STS attended all activities of the USEPA protocols in person with the exception of three
audit filter weighings. Two Laboratories in question did not pass the initial probe audit
filter portion of the test and were required to redo that portion of the proficiency test. A
third laboratory found difficulty with the local customs and postal authorities and the filter
did not arrive at the laboratory until after STS had left the country. All activities of the
redo, including the opening, initial, intermediate and final weighings were observed via a
Microsoft Teams connection.
One laboratory had the unfortunate experience of losing their sample stove. It was
explained to STS that stoves undergoing or having undergone certification have
identifiers to keep them stored indefinitely. Other stoves without those identifiers are
removed on a regular basis. Unfortunately, their proficiency test stove did not have the
proper identifiers and was removed and sent for disposal. This was discovered shortly
before STS was to arrive and a new stove could not be procured in time. Another
laboratory shipped their stove before STS arrived and STS was able to find the security
labels intact and removed them in time for the test.

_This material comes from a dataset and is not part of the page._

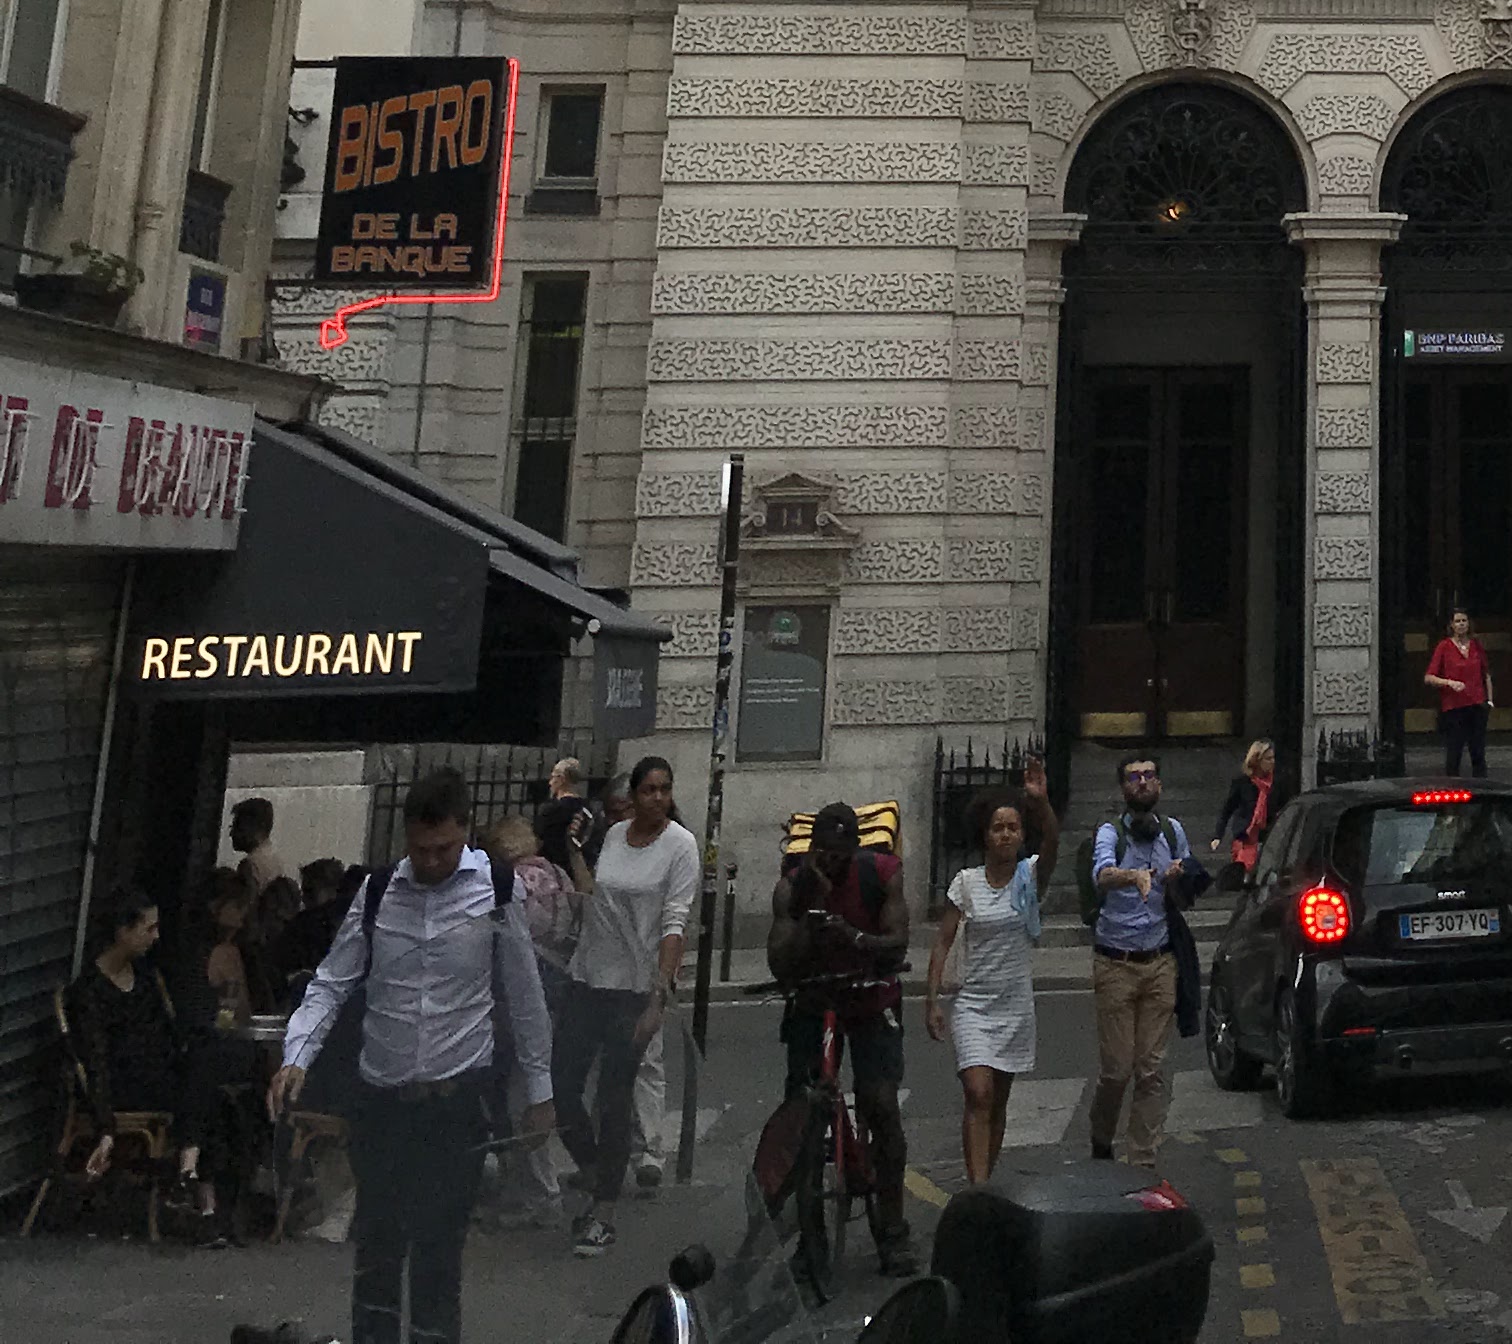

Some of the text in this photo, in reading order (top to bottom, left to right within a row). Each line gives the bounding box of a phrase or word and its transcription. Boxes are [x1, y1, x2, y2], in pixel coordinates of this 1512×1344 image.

The Laboratories are de-identified by a color code. STS retains the actual data under
the laboratory name for records kept at STS company offices. The color-coded final
results can be found in Table 1.
At all of the participating Laboratories, STS inspected the wood stoves, the mixing and
sampling ductwork, the external sensors, the sampling trains, and the recovery areas to
ensure they met the standards in ASTM 2515 and ASTM 2779. STS utilized a checklist
that was developed from requirements found in ASTM 2515 and ASTM 2779.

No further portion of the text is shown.